Gestern hatte ich mich mal wieder meinen solidarischen Tag.
Ich habe die Bahn aktiv unterstützt und mich kurzerhand in einen der schnittigen DB-ICE-Pfeile gesetzt. Man gönnt sich ja sonst nichts.
Meine Ziel: Eine Distanz von 2.420 so mal eng hintereinander geparkte Boeing-747-Flugzeuge.
So nahm der Zug also Anlauf für diese Herausforderung und legte die ersten 1.260 Jumbolängen in knappe 20 Minuten zurück.

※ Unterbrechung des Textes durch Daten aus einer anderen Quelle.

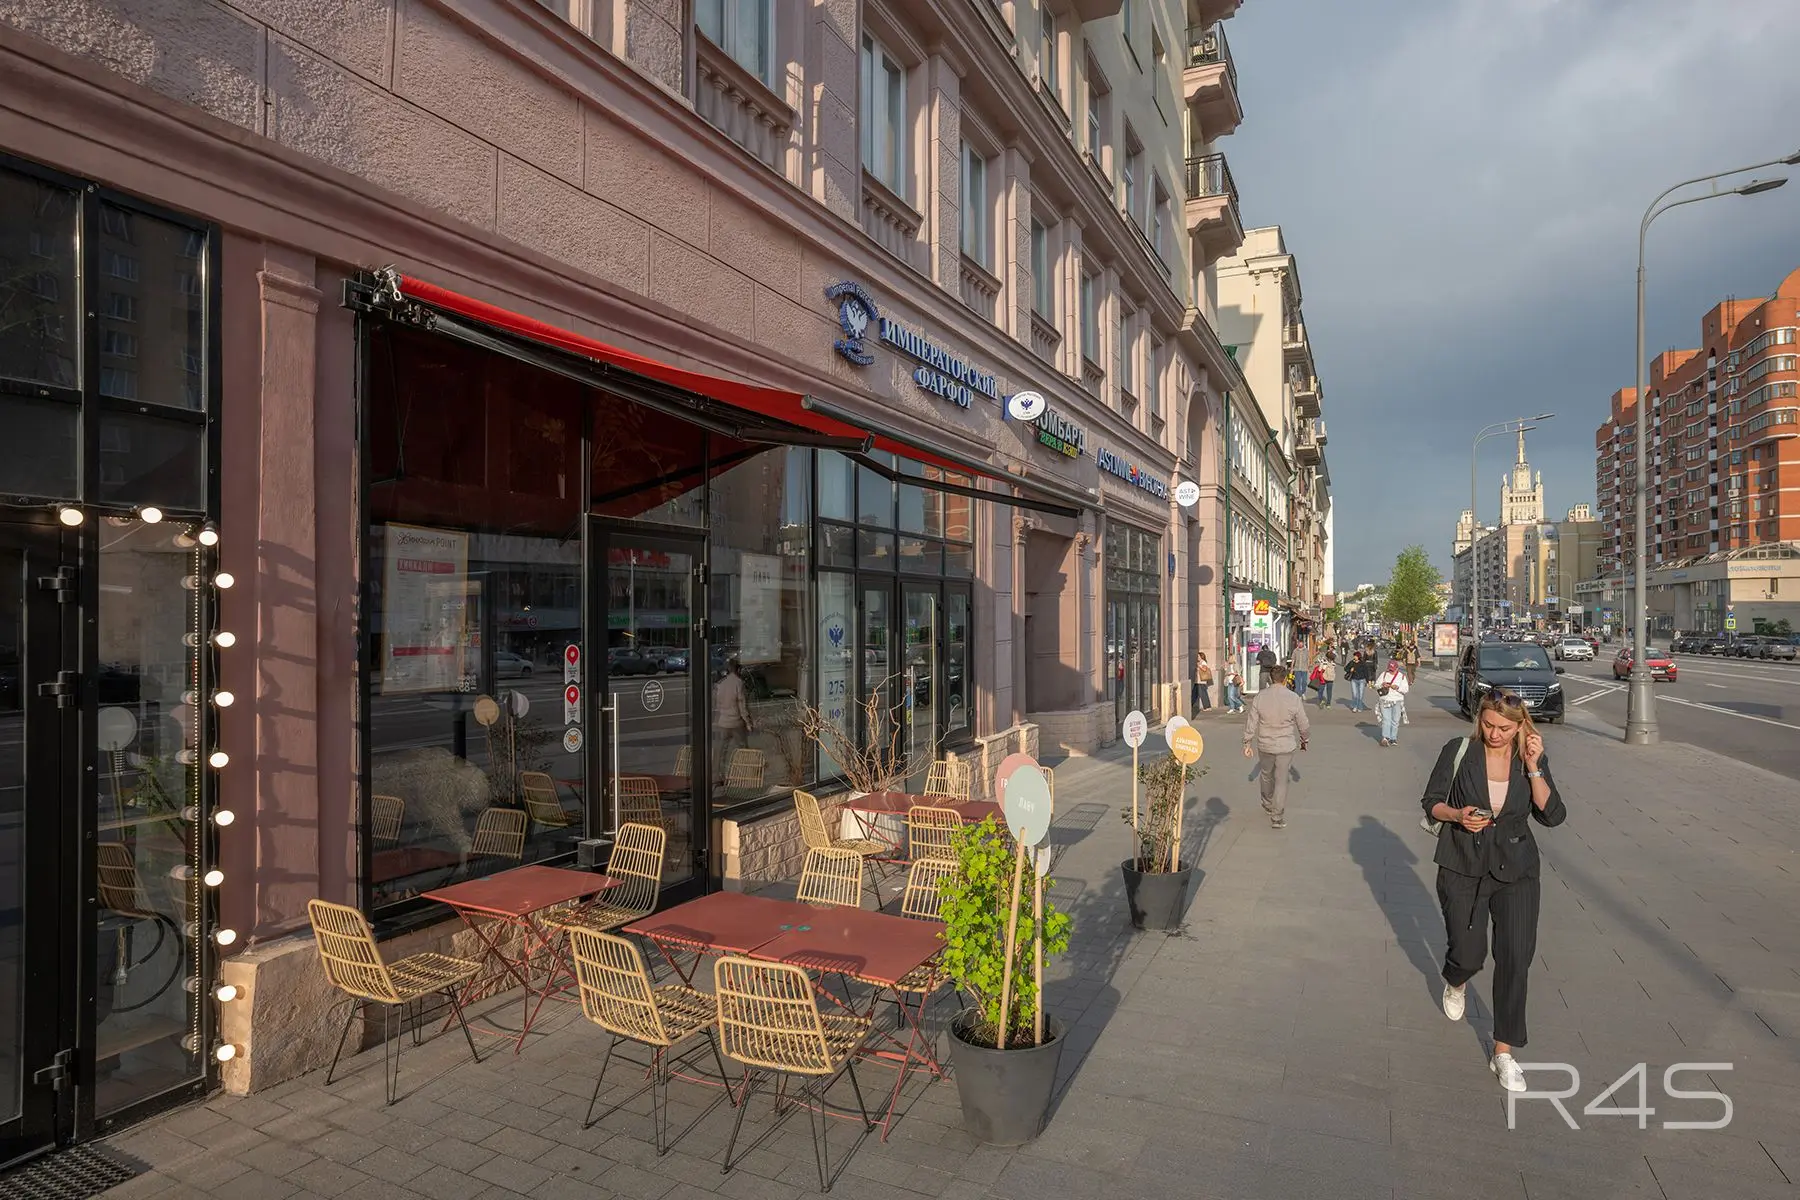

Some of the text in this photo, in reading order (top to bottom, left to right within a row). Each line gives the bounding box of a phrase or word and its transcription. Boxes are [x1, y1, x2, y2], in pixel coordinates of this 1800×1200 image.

[883, 318, 998, 400] ИМПЕРАТОРСКИЙ
[916, 366, 974, 410] ФАРФОР
[828, 679, 846, 695] 275

Auf dem Leuchtschriftdisplay im Wagon wurden den Passagieren stolze 300 km/h angezeigt.
Schön.
Aber dann begann eigentlich das Verhängnis. Der Zugführer hatte sich wohl verausgabt. Der Zug schlich dann an den letzten 1.160 Jumbolängen in 50 Minuten vorbei. Manchmal hielt er auch zum Verschnaufen an.
Totaler konditioneller Einbruch? War wohl ohne Blutdoping unterwegs, oder was? Oder hat die Bahn schon Stau auf dem Schienennetz vor Ballungszentren?
Die Bahn ersparte den Insassen weitere Informationen über die dabei unstolz erreichten Geschwindigkeiten.
Ob der ICE-Zug in der Zeit dann auch noch von Schmetterlingen überholt wurde, konnte ich leider nicht feststellen. Die Wagon-Scheiben waren ungeputzt.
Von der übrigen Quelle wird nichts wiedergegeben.